[Records contained in a dataset]
══════
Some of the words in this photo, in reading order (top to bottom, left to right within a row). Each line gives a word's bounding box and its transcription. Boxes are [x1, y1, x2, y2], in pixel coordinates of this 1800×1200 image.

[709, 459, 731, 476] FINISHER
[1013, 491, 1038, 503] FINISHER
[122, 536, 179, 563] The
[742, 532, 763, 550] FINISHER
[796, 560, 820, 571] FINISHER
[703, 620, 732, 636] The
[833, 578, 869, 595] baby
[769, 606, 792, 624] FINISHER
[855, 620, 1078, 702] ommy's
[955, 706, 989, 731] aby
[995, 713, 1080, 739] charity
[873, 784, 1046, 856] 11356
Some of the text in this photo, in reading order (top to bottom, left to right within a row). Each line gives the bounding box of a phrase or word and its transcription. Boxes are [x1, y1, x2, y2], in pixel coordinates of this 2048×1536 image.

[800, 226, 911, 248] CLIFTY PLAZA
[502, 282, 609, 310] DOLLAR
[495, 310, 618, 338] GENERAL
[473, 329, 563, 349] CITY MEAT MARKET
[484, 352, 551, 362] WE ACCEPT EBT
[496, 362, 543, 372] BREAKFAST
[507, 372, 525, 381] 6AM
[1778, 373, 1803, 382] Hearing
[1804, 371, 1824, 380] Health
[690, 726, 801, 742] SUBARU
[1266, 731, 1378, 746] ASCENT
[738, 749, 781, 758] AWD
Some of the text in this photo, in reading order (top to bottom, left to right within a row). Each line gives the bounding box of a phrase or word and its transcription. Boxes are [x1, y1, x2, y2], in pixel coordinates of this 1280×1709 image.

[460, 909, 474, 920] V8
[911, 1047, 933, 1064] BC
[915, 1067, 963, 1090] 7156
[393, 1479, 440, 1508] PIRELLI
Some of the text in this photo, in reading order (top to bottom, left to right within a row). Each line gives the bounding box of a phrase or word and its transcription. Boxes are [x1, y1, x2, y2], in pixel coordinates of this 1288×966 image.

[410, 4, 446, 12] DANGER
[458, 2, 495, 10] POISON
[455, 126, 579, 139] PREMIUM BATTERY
══════
» Directions: Output each entry once again, exactly as shown above.

» Solution for this task:
Some of the words in this photo, in reading order (top to bottom, left to right within a row). Each line gives a word's bounding box and its transcription. Boxes are [x1, y1, x2, y2], in pixel coordinates of this 1800×1200 image.

[709, 459, 731, 476] FINISHER
[1013, 491, 1038, 503] FINISHER
[122, 536, 179, 563] The
[742, 532, 763, 550] FINISHER
[796, 560, 820, 571] FINISHER
[703, 620, 732, 636] The
[833, 578, 869, 595] baby
[769, 606, 792, 624] FINISHER
[855, 620, 1078, 702] ommy's
[955, 706, 989, 731] aby
[995, 713, 1080, 739] charity
[873, 784, 1046, 856] 11356
Some of the text in this photo, in reading order (top to bottom, left to right within a row). Each line gives the bounding box of a phrase or word and its transcription. Boxes are [x1, y1, x2, y2], in pixel coordinates of this 2048×1536 image.

[800, 226, 911, 248] CLIFTY PLAZA
[502, 282, 609, 310] DOLLAR
[495, 310, 618, 338] GENERAL
[473, 329, 563, 349] CITY MEAT MARKET
[484, 352, 551, 362] WE ACCEPT EBT
[496, 362, 543, 372] BREAKFAST
[507, 372, 525, 381] 6AM
[1778, 373, 1803, 382] Hearing
[1804, 371, 1824, 380] Health
[690, 726, 801, 742] SUBARU
[1266, 731, 1378, 746] ASCENT
[738, 749, 781, 758] AWD
Some of the text in this photo, in reading order (top to bottom, left to right within a row). Each line gives the bounding box of a phrase or word and its transcription. Boxes are [x1, y1, x2, y2], in pixel coordinates of this 1280×1709 image.

[460, 909, 474, 920] V8
[911, 1047, 933, 1064] BC
[915, 1067, 963, 1090] 7156
[393, 1479, 440, 1508] PIRELLI
Some of the text in this photo, in reading order (top to bottom, left to right within a row). Each line gives the bounding box of a phrase or word and its transcription. Boxes are [x1, y1, x2, y2], in pixel coordinates of this 1288×966 image.

[410, 4, 446, 12] DANGER
[458, 2, 495, 10] POISON
[455, 126, 579, 139] PREMIUM BATTERY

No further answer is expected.